Could the records below please be retyped exactly, with their pictures left out?

━━━ Supplied data ━━━

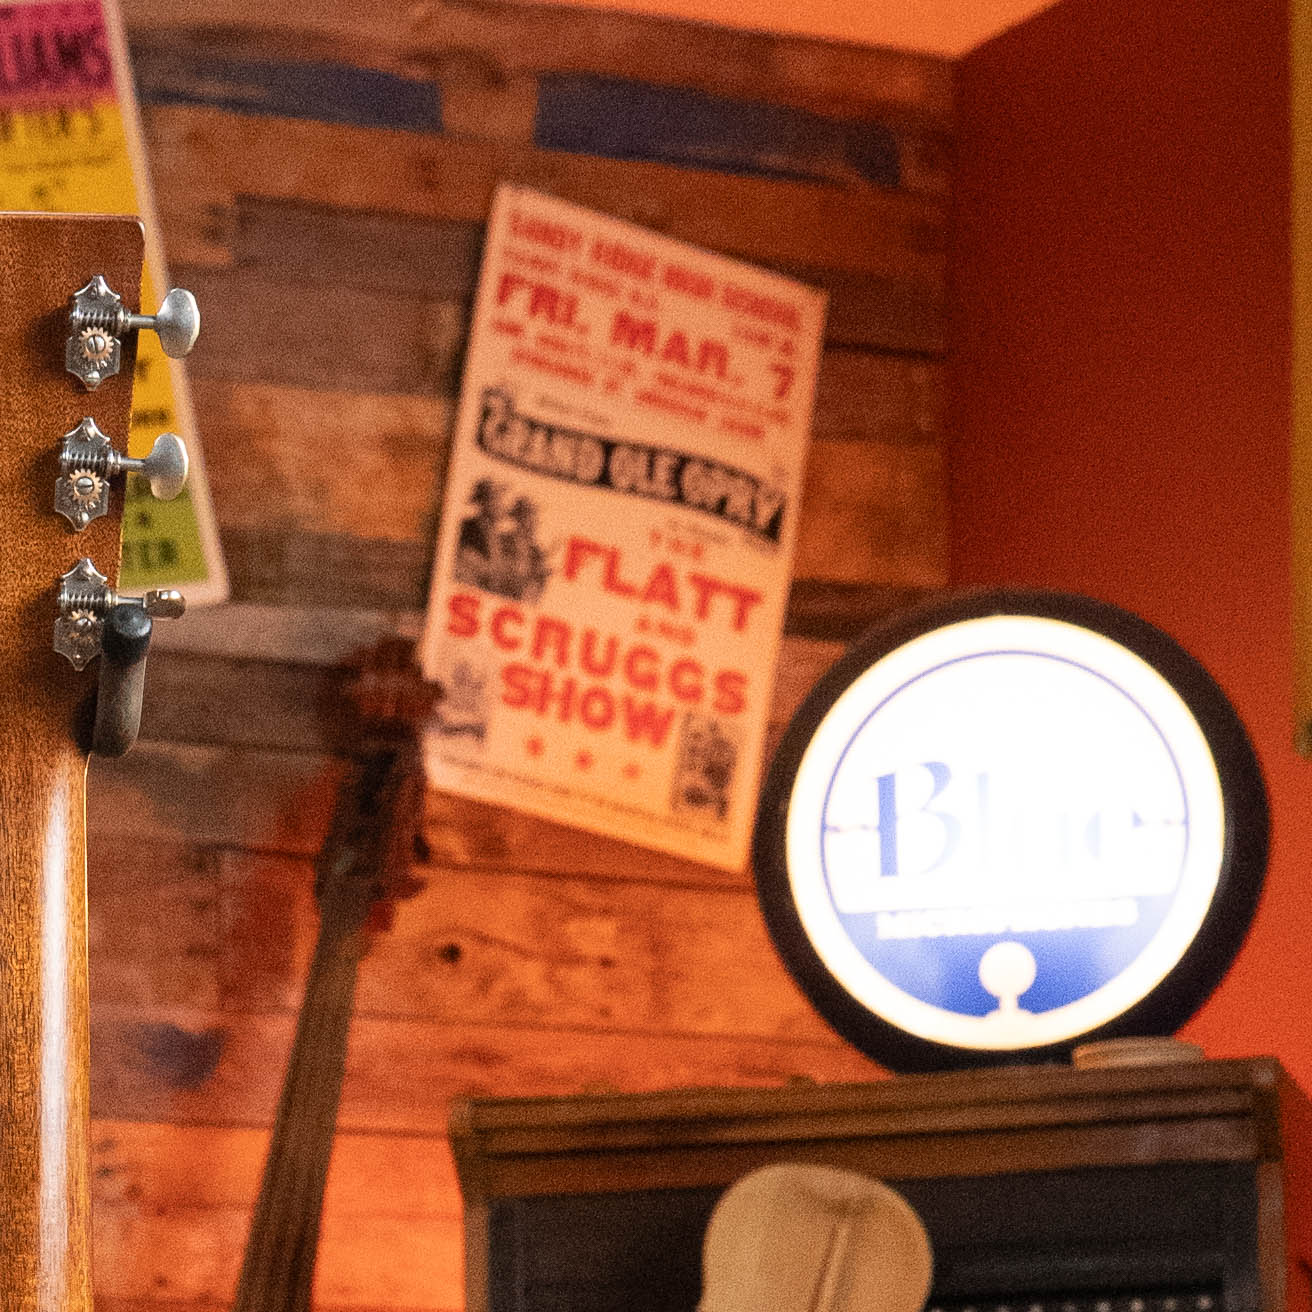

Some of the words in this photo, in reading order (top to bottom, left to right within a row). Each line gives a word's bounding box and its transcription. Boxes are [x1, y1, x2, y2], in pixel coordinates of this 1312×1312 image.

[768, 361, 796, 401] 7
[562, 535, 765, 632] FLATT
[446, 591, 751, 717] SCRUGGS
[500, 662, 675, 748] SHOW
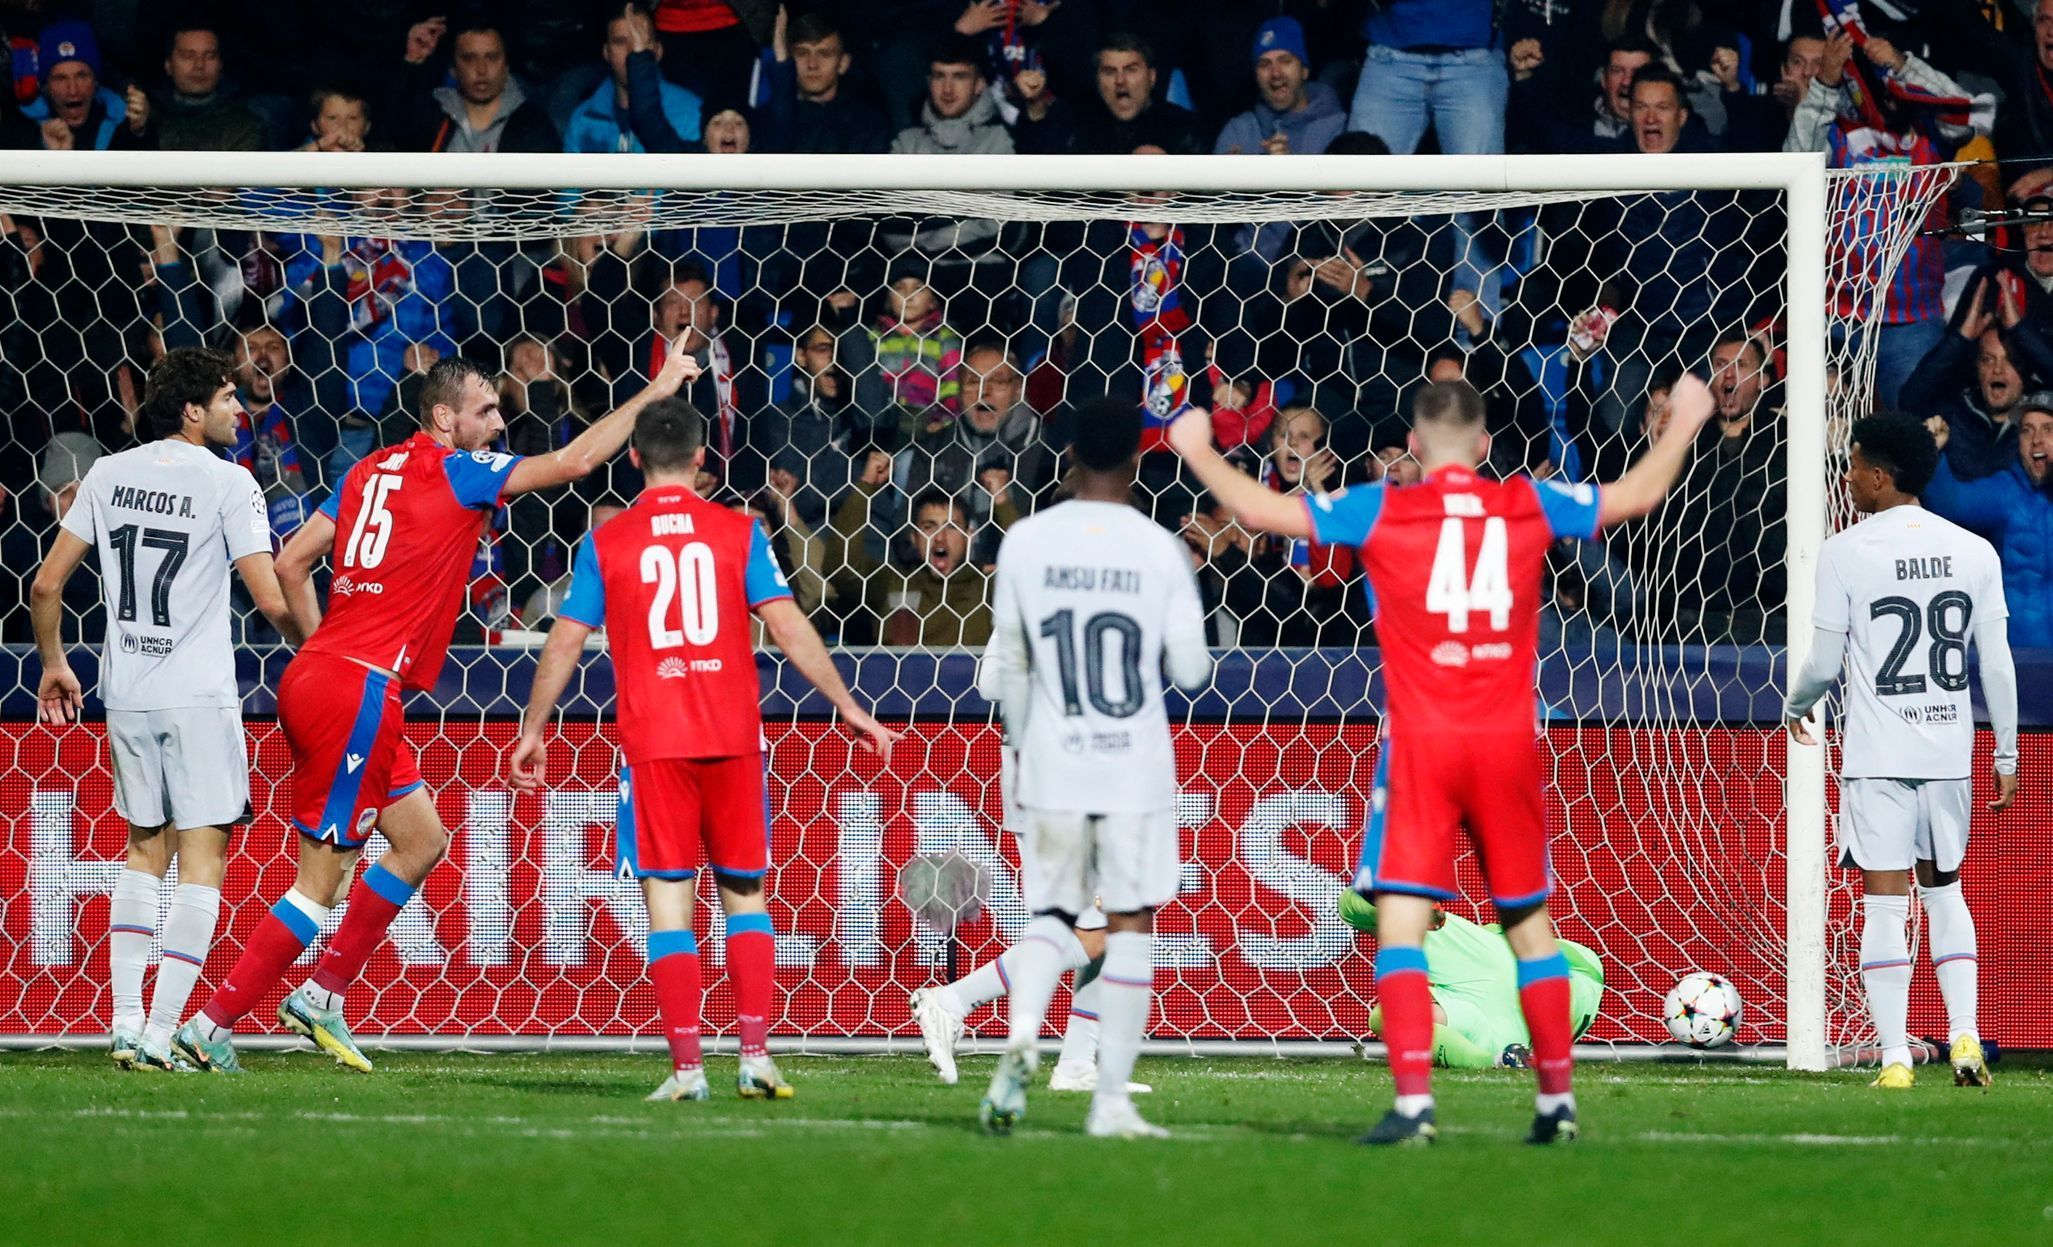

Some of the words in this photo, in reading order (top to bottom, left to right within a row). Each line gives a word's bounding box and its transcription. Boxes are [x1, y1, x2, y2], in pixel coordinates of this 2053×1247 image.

━━━

▶ [Answer space]
Some of the words in this photo, in reading order (top to bottom, left to right within a row). Each line gives a word's bounding box and its transcription. Boxes are [x1, y1, x2, y2], in pixel coordinates of this 1312×1312 image.

[768, 361, 796, 401] 7
[562, 535, 765, 632] FLATT
[446, 591, 751, 717] SCRUGGS
[500, 662, 675, 748] SHOW

Some of the words in this photo, in reading order (top to bottom, left to right within a row). Each line gives a word's bounding box and its transcription. Boxes are [x1, y1, x2, y2], in pixel coordinates of this 2053×1247 image.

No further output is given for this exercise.